From the end of the 19th to 1960, thousands of artwork including wooden sculptures, elephant ivory masks, scripts and musical instruments may be taken by Belgium and other European collectors, scientists, explorers and soldiers.
Following a reshuffle of 66 million euros ($ 78 million) the African Museum to take a more critical view of the Belgian colonial past, the government is ready to fulfill the DRC call for restitution.
“The approach is very simple: everything obtained through illegal ways, through theft, through violence, through looting, must be given back,” said Minister of Junior Belgium Thomas Dermine told Reuters.
“It’s not ours.” Millions of Conglings are expected to have died because of the end of the 19th century when the first Congo was the personal Fiefdom of King Leopold II, before becoming a Belgian state colony.
Belgium will transfer legal ownership of artifacts to DRC.

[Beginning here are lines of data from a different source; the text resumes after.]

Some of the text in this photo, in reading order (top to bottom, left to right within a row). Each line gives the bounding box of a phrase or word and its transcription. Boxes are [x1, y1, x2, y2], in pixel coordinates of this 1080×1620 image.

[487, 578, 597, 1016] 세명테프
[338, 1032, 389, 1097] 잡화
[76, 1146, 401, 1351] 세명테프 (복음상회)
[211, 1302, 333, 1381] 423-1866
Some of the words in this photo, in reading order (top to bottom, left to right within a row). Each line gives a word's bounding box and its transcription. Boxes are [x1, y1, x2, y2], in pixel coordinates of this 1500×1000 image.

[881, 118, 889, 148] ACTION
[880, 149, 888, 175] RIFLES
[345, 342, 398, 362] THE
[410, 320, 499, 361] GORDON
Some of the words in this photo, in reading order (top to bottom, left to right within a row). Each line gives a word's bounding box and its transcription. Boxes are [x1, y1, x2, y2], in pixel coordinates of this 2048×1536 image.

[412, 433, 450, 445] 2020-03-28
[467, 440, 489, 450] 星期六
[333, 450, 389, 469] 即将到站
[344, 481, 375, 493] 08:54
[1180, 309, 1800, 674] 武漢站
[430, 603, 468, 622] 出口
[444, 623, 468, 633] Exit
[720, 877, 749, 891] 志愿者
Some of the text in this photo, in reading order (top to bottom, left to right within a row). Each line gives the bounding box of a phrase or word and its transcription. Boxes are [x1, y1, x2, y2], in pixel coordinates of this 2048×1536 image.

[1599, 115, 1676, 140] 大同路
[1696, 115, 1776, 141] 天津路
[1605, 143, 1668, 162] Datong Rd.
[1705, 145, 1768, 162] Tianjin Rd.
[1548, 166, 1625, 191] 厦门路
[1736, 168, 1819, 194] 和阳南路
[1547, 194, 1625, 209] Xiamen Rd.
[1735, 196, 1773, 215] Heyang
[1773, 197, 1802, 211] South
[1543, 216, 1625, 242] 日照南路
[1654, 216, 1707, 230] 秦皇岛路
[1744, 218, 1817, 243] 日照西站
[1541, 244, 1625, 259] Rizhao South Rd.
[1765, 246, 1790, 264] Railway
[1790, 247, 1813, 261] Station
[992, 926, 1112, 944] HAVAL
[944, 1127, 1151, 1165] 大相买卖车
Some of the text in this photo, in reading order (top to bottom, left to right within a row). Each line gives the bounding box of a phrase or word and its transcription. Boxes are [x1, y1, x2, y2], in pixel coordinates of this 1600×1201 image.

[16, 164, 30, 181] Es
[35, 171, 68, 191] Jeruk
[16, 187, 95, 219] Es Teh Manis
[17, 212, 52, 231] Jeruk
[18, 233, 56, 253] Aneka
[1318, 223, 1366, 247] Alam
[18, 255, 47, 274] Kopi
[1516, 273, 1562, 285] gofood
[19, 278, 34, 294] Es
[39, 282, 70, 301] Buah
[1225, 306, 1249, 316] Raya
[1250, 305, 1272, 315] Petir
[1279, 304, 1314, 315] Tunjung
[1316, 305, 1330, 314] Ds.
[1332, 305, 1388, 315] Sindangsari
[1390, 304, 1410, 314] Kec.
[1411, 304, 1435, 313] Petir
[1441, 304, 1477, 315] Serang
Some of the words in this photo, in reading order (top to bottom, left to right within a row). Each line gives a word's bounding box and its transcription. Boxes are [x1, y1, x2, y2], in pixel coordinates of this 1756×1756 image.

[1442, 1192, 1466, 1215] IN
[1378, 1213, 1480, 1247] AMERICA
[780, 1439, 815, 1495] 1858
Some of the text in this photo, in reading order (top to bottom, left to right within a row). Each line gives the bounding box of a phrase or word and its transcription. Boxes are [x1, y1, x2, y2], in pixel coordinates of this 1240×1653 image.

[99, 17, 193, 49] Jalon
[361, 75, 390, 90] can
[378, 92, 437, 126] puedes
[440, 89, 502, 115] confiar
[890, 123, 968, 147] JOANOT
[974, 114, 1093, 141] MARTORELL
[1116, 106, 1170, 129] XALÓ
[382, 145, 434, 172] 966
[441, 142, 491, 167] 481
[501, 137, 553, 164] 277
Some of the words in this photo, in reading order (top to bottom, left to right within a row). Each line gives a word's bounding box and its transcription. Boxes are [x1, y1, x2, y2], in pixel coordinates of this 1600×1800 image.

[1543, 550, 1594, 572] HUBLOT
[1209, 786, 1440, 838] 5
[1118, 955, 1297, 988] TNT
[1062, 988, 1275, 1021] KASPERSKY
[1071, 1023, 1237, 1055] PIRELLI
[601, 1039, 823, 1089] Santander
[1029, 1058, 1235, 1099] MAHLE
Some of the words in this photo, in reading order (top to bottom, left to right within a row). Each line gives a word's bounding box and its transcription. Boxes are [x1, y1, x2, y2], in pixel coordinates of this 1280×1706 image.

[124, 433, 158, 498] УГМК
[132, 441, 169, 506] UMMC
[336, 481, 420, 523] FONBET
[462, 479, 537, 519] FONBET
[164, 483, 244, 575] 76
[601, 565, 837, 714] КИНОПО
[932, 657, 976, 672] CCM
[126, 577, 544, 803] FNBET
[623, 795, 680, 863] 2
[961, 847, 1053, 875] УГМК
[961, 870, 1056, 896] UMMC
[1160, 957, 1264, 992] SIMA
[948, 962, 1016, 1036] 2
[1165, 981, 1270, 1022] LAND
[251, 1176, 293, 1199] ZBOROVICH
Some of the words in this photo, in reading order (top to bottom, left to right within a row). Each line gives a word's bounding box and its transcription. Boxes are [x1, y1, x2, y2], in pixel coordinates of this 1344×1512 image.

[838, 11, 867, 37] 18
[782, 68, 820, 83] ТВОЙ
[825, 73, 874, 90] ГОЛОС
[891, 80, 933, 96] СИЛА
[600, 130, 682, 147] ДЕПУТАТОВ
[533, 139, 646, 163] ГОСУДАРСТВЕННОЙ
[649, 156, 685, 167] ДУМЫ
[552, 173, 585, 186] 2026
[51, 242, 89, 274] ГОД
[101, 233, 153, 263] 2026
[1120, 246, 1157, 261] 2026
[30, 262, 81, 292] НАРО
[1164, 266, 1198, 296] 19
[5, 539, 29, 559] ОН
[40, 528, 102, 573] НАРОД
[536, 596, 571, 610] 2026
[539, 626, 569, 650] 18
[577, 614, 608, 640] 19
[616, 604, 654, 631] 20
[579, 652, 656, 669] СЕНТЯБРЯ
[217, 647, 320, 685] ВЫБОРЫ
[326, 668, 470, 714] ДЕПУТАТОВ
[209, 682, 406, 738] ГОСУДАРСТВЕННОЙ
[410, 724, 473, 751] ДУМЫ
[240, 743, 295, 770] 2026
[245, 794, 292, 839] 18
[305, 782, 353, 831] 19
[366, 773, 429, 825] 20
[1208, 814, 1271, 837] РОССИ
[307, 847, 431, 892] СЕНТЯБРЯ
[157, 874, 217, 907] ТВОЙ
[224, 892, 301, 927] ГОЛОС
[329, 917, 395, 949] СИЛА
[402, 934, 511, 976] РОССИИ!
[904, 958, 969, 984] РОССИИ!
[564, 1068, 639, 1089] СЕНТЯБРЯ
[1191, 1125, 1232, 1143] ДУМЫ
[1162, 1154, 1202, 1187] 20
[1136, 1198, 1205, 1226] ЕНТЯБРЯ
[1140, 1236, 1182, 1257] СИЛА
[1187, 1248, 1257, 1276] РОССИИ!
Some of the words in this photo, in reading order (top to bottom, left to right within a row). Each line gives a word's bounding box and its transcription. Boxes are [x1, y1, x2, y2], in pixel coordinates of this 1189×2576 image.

But it will not immediately send artwork to the country from the museum in Vervuren, right outside Brussels, unless they are specifically requested by the DRC authority.
That’s partly because the museum, which has been proven popular since renovation and attracted hundreds of thousands of visitors before the Covid-19 pandemic, wanted to keep artifacts on display.
One option is to pay the borrowing fee to the DRC.
Belgium said the Congo Authority was aware of a larger audience in Belgium compared to the DRC, which is one of the poorest countries in the world, according to the United Nations.
It has several cultural centers or storage facilities.
“The museum believes will be able to work with the Congo Authority, as in international institutions, to maintain objects in Belgium through a loan agreement,” said the Director of the Gryseels Guido Museum.
The museum also has a large number of artifacts that are originally unclear.
It hopes to use a team of scientists and experts for the next five years to identify them and separate those obtained legally by the museum.
“In five years with many resources we can do many things, but it can work for the next 10 to 20 years to be truly sure of all the objects we have, that we know the right situation where they are obtained,” said Gryseels , Placide Mumbembele Sanger, an anthropology professor at Kinshasa University who worked in the museum in Tervuren, said the process was simple.
“This is an object that returns to their natural context so I don’t see why we have to ask so many questions,” he said.
“As if you go out and someone stole your wallet and that person asks if you are ready to have it or not.”